(Collected data)
⁂

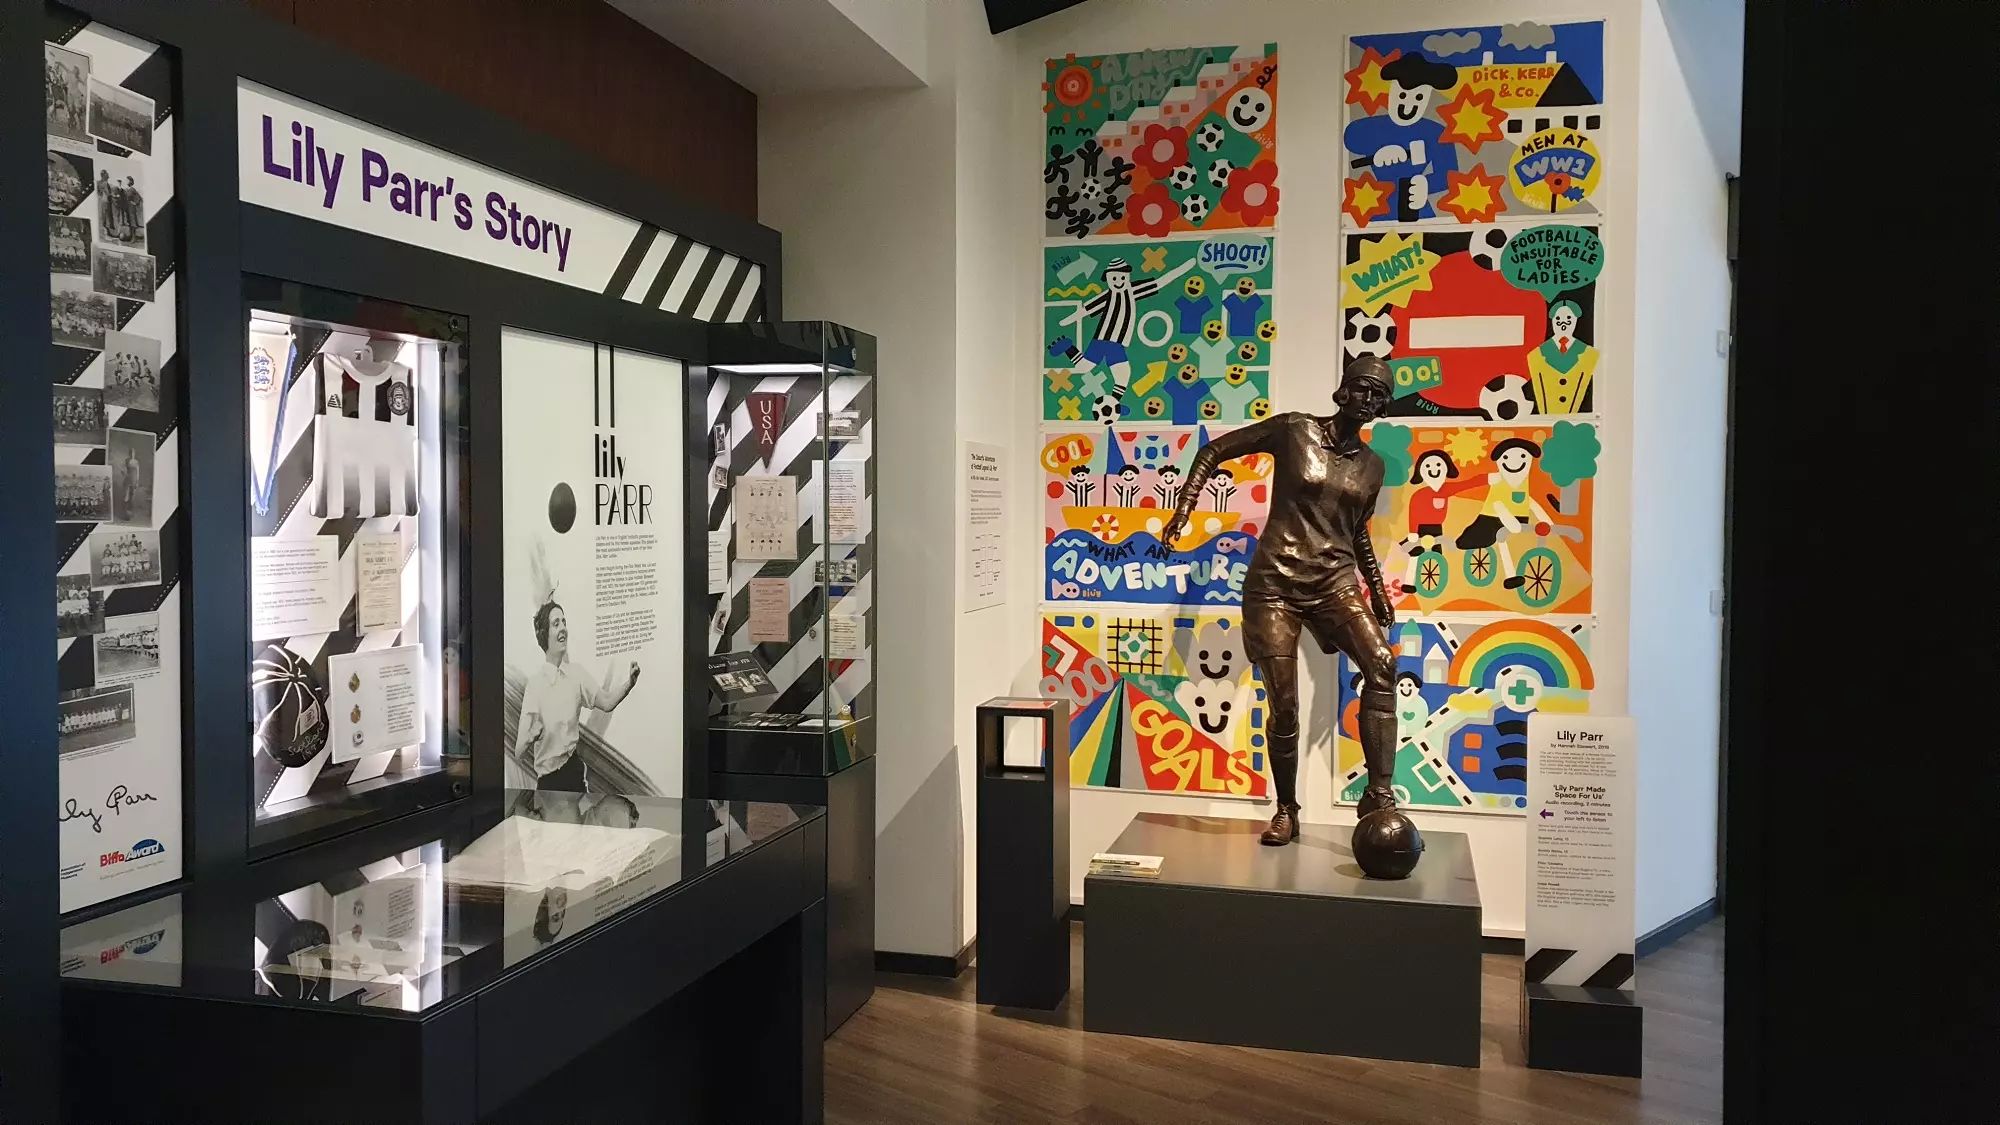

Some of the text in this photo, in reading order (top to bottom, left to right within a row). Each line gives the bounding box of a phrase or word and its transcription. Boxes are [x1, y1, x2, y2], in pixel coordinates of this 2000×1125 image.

[1517, 66, 1555, 80] KERR
[1499, 83, 1512, 98] &
[1521, 133, 1588, 156] MEN AT
[1520, 156, 1586, 179] WW1
[261, 114, 572, 272] Lily Parr's Story
[1510, 229, 1582, 253] FOOTBALL
[1201, 242, 1268, 266] SHOOT!
[1351, 240, 1425, 292] WHAT!
[1535, 258, 1562, 270] FOR
[759, 400, 774, 445] USA
[1045, 439, 1092, 468] COOL
[595, 483, 653, 525] PARR
[1088, 541, 1136, 563] WHAT
[1052, 549, 1249, 595] ADVENTURE
[1130, 699, 1252, 796] GOALS
[1557, 730, 1604, 743] Lily Parr
[106, 784, 158, 816] Parr
[1554, 791, 1577, 799] Space

⁂

> Directions
Give the entries again without a single change, but with no pictures.

> Expected answer
Some of the text in this photo, in reading order (top to bottom, left to right within a row). Each line gives the bounding box of a phrase or word and its transcription. Boxes are [x1, y1, x2, y2], in pixel coordinates of this 2000×1125 image.

[1517, 66, 1555, 80] KERR
[1499, 83, 1512, 98] &
[1521, 133, 1588, 156] MEN AT
[1520, 156, 1586, 179] WW1
[261, 114, 572, 272] Lily Parr's Story
[1510, 229, 1582, 253] FOOTBALL
[1201, 242, 1268, 266] SHOOT!
[1351, 240, 1425, 292] WHAT!
[1535, 258, 1562, 270] FOR
[759, 400, 774, 445] USA
[1045, 439, 1092, 468] COOL
[595, 483, 653, 525] PARR
[1088, 541, 1136, 563] WHAT
[1052, 549, 1249, 595] ADVENTURE
[1130, 699, 1252, 796] GOALS
[1557, 730, 1604, 743] Lily Parr
[106, 784, 158, 816] Parr
[1554, 791, 1577, 799] Space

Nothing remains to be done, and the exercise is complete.